Tonight Olivia would be no less discreet.

She had dressed to play a part. Confident and chic were the qualities she planned to convey with her taupe linen tank dress and coral sandals. Though she had not inherited an iota of her parents’ love for acting, she had inevitably learned from them along the way what it meant to present a serene face to the world, no matter if your life was in ruins.

Kieran Wolff’s hotel was tucked away in a quiet back street of Santa Monica. Exclusive, discreet and no doubt wildly expensive, it catered to those whose utmost wish was privacy. The manager, himself, actually escorted Olivia to the fifth floor suite.

After that, she was left to stand alone at the door. Instead of knocking, she took a few seconds to contemplate fleeing the country. Cammie was everything to her, and the prospect of losing her child was impossible to imagine.

But such thoughts were defeatist. Though she might not be able to go toe-to-toe with the Wolff empire when it came to bank accounts, Olivia did have considerable financial means at her disposal. In a legal battle, she could hold her own. And judges often sided with a mother, particularly in this situation.

She had no notion of what awaited her on the other side of the door, but she wouldn’t go down without a fight. Kieran Wolff didn’t deserve to be a father. And if it came to that, she would tell him so.

Deliberately taking a moment to shore up her nerve, she rapped sharply at the door and took a deep breath.

Kieran had worn a trail in the carpet by the time his reluctant guest arrived. When he yanked open the door and saw her standing in the vestibule, his gut pitched and tightened. God, she was gorgeous. Every male hormone he possessed stood up and saluted. A man would have to be almost dead not to respond to her inherent sexuality.

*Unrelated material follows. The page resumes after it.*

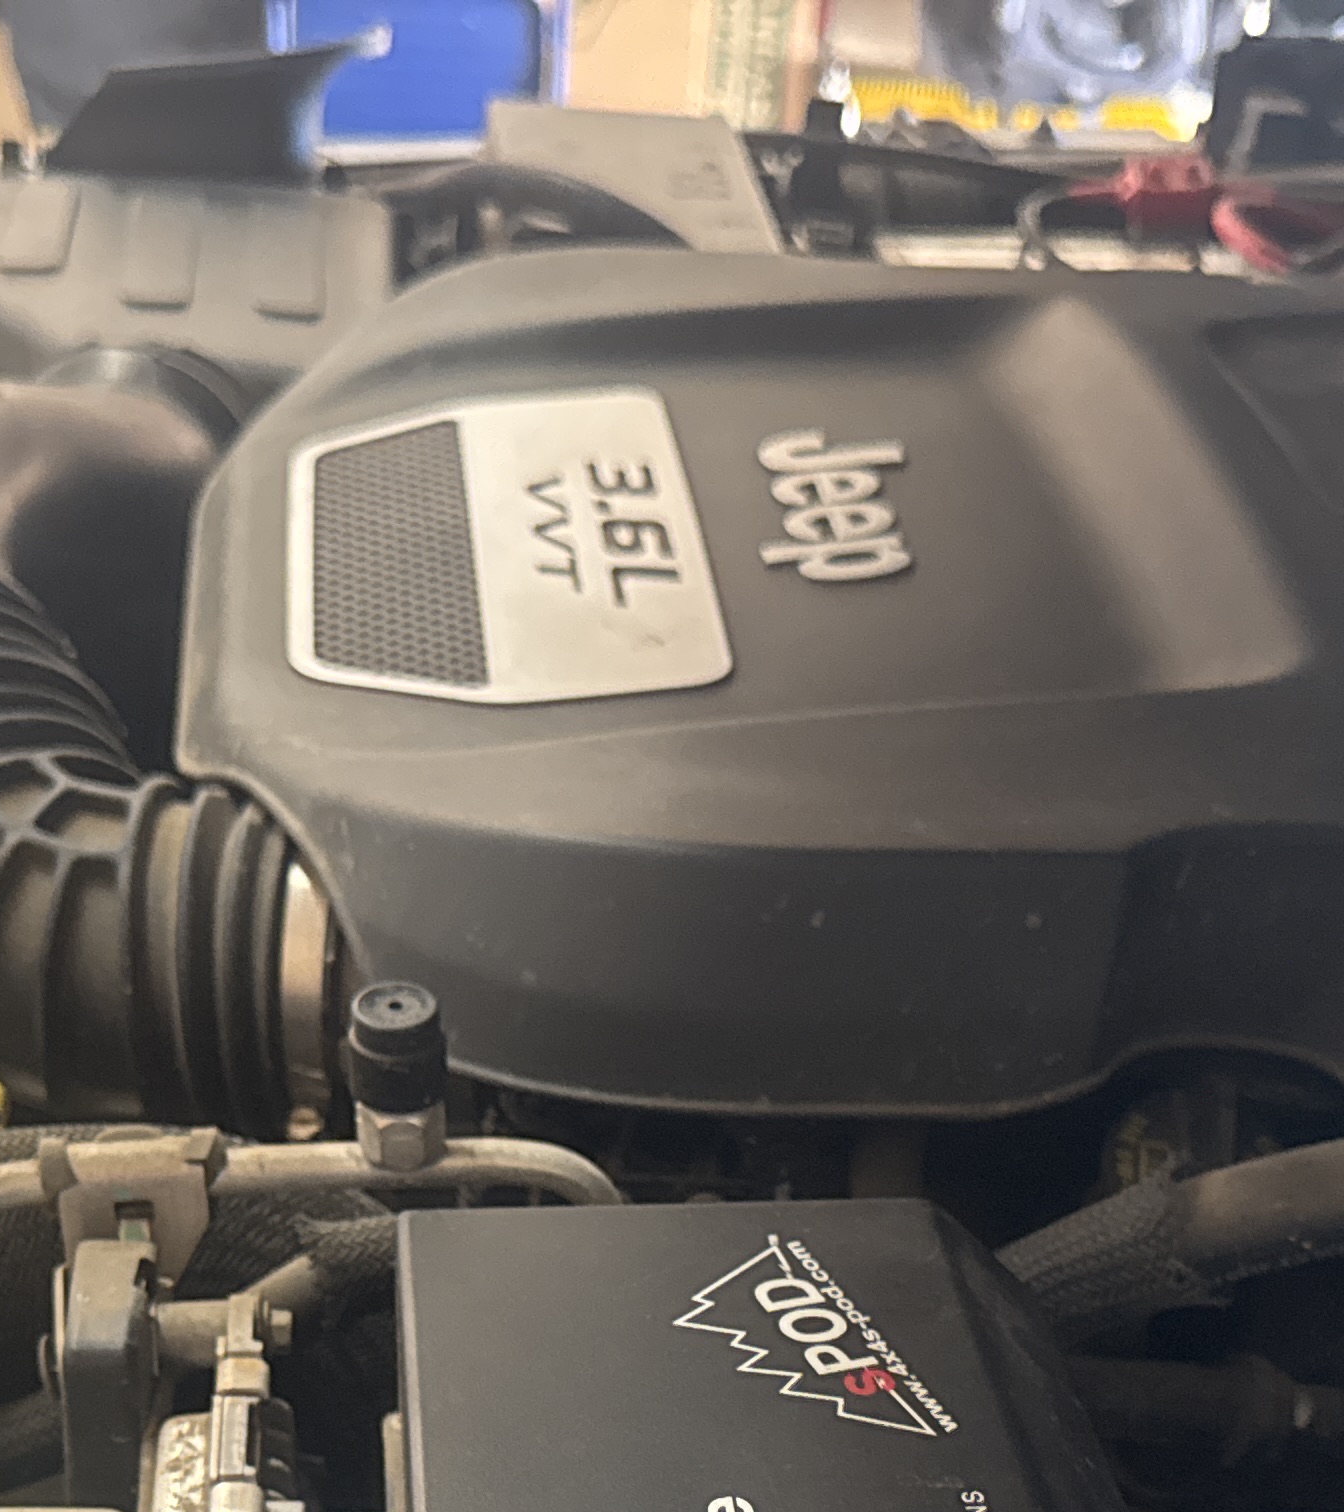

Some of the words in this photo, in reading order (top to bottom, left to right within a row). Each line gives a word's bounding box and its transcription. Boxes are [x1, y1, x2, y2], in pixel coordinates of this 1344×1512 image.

Like the pin-up girls of the 1940s, with legs that went on forever, breasts that were real and plenty of feminine curves right where they should be, Olivia Delgado was a vivid, honey-skinned fantasy.

But today wasn’t about appeasing the hunger in his gut, even if he had been celibate during a recent, hellacious foray into the wilds of Thailand. Bugs, abysmal weather and local politics had complicated his life enormously. He’d been more than ready to return to central Virginia and reconnect with his family. Not that he ever stayed very long, but still… that closely guarded mountain in the Blue Ridge was the only place he called home.

With an effort, he recalled his wayward thoughts. “Come in, Olivia. I’ve ordered dinner. It should be delivered any moment now.”

She slipped past him in a cloud of Chanel No. 5, making him wonder if she had worn the evocative scent on purpose. In the old days, she had often come to his bed wearing nothing but a long strand of pearls and that same perfume.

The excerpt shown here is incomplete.